[TASK] All of the data below is to be copied exactly.

[PROVIDED DATA]
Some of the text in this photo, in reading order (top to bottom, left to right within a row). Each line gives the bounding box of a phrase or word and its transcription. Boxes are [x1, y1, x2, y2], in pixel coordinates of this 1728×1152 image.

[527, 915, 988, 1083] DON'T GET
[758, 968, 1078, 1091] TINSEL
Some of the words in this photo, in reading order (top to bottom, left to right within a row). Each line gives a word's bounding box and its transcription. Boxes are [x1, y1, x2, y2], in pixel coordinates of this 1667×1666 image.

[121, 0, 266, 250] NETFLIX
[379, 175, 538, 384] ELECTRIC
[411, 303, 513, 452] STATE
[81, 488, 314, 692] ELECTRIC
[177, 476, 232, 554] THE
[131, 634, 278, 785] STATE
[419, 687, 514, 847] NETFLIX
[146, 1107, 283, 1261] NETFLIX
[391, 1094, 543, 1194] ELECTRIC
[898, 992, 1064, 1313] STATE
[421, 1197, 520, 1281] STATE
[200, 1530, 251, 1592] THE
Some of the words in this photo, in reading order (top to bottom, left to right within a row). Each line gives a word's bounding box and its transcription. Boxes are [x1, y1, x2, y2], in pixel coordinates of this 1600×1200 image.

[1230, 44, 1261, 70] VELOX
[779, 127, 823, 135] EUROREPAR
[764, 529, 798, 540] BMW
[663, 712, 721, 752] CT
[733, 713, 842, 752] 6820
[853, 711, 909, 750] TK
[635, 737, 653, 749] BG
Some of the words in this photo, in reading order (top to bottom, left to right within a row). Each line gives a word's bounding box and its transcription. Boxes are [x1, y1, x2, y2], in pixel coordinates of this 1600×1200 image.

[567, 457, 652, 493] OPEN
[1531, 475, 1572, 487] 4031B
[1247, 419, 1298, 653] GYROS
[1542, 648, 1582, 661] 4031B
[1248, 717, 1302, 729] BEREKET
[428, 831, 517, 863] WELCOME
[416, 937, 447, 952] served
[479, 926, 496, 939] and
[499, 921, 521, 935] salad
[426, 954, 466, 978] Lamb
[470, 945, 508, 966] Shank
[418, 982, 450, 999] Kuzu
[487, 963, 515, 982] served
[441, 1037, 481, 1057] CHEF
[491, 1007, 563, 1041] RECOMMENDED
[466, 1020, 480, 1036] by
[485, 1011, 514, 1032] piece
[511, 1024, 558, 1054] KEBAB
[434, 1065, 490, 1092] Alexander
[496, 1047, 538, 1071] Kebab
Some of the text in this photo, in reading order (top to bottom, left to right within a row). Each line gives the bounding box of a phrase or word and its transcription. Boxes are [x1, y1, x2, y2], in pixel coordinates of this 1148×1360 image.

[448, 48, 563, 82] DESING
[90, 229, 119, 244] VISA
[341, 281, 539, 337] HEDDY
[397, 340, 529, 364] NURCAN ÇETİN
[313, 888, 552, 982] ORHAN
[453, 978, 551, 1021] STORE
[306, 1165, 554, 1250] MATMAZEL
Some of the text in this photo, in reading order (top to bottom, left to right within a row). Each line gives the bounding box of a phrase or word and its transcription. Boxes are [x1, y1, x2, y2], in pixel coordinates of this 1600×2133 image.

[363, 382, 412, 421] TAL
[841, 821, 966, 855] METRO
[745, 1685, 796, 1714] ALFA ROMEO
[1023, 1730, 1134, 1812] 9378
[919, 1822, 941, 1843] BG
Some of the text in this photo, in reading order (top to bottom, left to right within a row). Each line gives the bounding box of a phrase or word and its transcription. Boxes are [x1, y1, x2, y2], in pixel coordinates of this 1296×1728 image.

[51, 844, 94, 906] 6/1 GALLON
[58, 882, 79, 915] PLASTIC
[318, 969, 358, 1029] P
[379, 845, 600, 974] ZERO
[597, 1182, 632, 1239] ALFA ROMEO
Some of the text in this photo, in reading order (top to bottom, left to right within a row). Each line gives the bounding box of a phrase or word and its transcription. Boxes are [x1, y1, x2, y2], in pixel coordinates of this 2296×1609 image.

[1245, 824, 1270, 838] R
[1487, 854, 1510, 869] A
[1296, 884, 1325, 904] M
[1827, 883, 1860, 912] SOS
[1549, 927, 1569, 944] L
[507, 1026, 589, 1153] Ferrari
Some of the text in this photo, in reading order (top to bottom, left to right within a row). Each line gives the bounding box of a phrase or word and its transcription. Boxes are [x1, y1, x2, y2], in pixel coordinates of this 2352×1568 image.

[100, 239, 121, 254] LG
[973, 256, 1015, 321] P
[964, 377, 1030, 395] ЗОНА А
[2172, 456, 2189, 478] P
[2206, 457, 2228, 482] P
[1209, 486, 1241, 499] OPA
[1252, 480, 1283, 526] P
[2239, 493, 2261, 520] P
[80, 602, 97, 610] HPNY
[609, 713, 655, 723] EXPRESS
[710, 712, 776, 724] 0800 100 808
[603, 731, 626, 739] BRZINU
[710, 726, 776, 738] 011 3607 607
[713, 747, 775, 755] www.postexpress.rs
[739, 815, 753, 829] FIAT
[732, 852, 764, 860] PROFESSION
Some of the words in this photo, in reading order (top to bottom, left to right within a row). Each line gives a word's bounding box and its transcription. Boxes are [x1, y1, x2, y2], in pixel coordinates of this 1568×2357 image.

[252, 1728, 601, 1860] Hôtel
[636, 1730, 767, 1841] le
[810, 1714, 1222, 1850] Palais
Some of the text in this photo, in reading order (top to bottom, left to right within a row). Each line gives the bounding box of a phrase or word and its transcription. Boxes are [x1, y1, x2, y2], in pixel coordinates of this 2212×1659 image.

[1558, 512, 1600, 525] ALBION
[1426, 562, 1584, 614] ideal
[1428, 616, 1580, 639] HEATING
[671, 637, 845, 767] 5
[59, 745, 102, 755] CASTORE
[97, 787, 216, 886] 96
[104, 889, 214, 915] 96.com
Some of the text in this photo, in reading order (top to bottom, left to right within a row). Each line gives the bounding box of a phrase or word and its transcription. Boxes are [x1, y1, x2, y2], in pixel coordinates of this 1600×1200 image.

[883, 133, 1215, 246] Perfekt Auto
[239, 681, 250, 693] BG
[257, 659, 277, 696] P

[RESPONSE]
Some of the text in this photo, in reading order (top to bottom, left to right within a row). Each line gives the bounding box of a phrase or word and its transcription. Boxes are [x1, y1, x2, y2], in pixel coordinates of this 1728×1152 image.

[527, 915, 988, 1083] DON'T GET
[758, 968, 1078, 1091] TINSEL
Some of the words in this photo, in reading order (top to bottom, left to right within a row). Each line gives a word's bounding box and its transcription. Boxes are [x1, y1, x2, y2], in pixel coordinates of this 1667×1666 image.

[121, 0, 266, 250] NETFLIX
[379, 175, 538, 384] ELECTRIC
[411, 303, 513, 452] STATE
[81, 488, 314, 692] ELECTRIC
[177, 476, 232, 554] THE
[131, 634, 278, 785] STATE
[419, 687, 514, 847] NETFLIX
[146, 1107, 283, 1261] NETFLIX
[391, 1094, 543, 1194] ELECTRIC
[898, 992, 1064, 1313] STATE
[421, 1197, 520, 1281] STATE
[200, 1530, 251, 1592] THE
Some of the words in this photo, in reading order (top to bottom, left to right within a row). Each line gives a word's bounding box and its transcription. Boxes are [x1, y1, x2, y2], in pixel coordinates of this 1600×1200 image.

[1230, 44, 1261, 70] VELOX
[779, 127, 823, 135] EUROREPAR
[764, 529, 798, 540] BMW
[663, 712, 721, 752] CT
[733, 713, 842, 752] 6820
[853, 711, 909, 750] TK
[635, 737, 653, 749] BG
Some of the words in this photo, in reading order (top to bottom, left to right within a row). Each line gives a word's bounding box and its transcription. Boxes are [x1, y1, x2, y2], in pixel coordinates of this 1600×1200 image.

[567, 457, 652, 493] OPEN
[1531, 475, 1572, 487] 4031B
[1247, 419, 1298, 653] GYROS
[1542, 648, 1582, 661] 4031B
[1248, 717, 1302, 729] BEREKET
[428, 831, 517, 863] WELCOME
[416, 937, 447, 952] served
[479, 926, 496, 939] and
[499, 921, 521, 935] salad
[426, 954, 466, 978] Lamb
[470, 945, 508, 966] Shank
[418, 982, 450, 999] Kuzu
[487, 963, 515, 982] served
[441, 1037, 481, 1057] CHEF
[491, 1007, 563, 1041] RECOMMENDED
[466, 1020, 480, 1036] by
[485, 1011, 514, 1032] piece
[511, 1024, 558, 1054] KEBAB
[434, 1065, 490, 1092] Alexander
[496, 1047, 538, 1071] Kebab
Some of the text in this photo, in reading order (top to bottom, left to right within a row). Each line gives the bounding box of a phrase or word and its transcription. Boxes are [x1, y1, x2, y2], in pixel coordinates of this 1148×1360 image.

[448, 48, 563, 82] DESING
[90, 229, 119, 244] VISA
[341, 281, 539, 337] HEDDY
[397, 340, 529, 364] NURCAN ÇETİN
[313, 888, 552, 982] ORHAN
[453, 978, 551, 1021] STORE
[306, 1165, 554, 1250] MATMAZEL
Some of the text in this photo, in reading order (top to bottom, left to right within a row). Each line gives the bounding box of a phrase or word and its transcription. Boxes are [x1, y1, x2, y2], in pixel coordinates of this 1600×2133 image.

[363, 382, 412, 421] TAL
[841, 821, 966, 855] METRO
[745, 1685, 796, 1714] ALFA ROMEO
[1023, 1730, 1134, 1812] 9378
[919, 1822, 941, 1843] BG
Some of the text in this photo, in reading order (top to bottom, left to right within a row). Each line gives the bounding box of a phrase or word and its transcription. Boxes are [x1, y1, x2, y2], in pixel coordinates of this 1296×1728 image.

[51, 844, 94, 906] 6/1 GALLON
[58, 882, 79, 915] PLASTIC
[318, 969, 358, 1029] P
[379, 845, 600, 974] ZERO
[597, 1182, 632, 1239] ALFA ROMEO
Some of the text in this photo, in reading order (top to bottom, left to right within a row). Each line gives the bounding box of a phrase or word and its transcription. Boxes are [x1, y1, x2, y2], in pixel coordinates of this 2296×1609 image.

[1245, 824, 1270, 838] R
[1487, 854, 1510, 869] A
[1296, 884, 1325, 904] M
[1827, 883, 1860, 912] SOS
[1549, 927, 1569, 944] L
[507, 1026, 589, 1153] Ferrari
Some of the text in this photo, in reading order (top to bottom, left to right within a row). Each line gives the bounding box of a phrase or word and its transcription. Boxes are [x1, y1, x2, y2], in pixel coordinates of this 2352×1568 image.

[100, 239, 121, 254] LG
[973, 256, 1015, 321] P
[964, 377, 1030, 395] ЗОНА А
[2172, 456, 2189, 478] P
[2206, 457, 2228, 482] P
[1209, 486, 1241, 499] OPA
[1252, 480, 1283, 526] P
[2239, 493, 2261, 520] P
[80, 602, 97, 610] HPNY
[609, 713, 655, 723] EXPRESS
[710, 712, 776, 724] 0800 100 808
[603, 731, 626, 739] BRZINU
[710, 726, 776, 738] 011 3607 607
[713, 747, 775, 755] www.postexpress.rs
[739, 815, 753, 829] FIAT
[732, 852, 764, 860] PROFESSION
Some of the words in this photo, in reading order (top to bottom, left to right within a row). Each line gives a word's bounding box and its transcription. Boxes are [x1, y1, x2, y2], in pixel coordinates of this 1568×2357 image.

[252, 1728, 601, 1860] Hôtel
[636, 1730, 767, 1841] le
[810, 1714, 1222, 1850] Palais
Some of the text in this photo, in reading order (top to bottom, left to right within a row). Each line gives the bounding box of a phrase or word and its transcription. Boxes are [x1, y1, x2, y2], in pixel coordinates of this 2212×1659 image.

[1558, 512, 1600, 525] ALBION
[1426, 562, 1584, 614] ideal
[1428, 616, 1580, 639] HEATING
[671, 637, 845, 767] 5
[59, 745, 102, 755] CASTORE
[97, 787, 216, 886] 96
[104, 889, 214, 915] 96.com
Some of the text in this photo, in reading order (top to bottom, left to right within a row). Each line gives the bounding box of a phrase or word and its transcription. Boxes are [x1, y1, x2, y2], in pixel coordinates of this 1600×1200 image.

[883, 133, 1215, 246] Perfekt Auto
[239, 681, 250, 693] BG
[257, 659, 277, 696] P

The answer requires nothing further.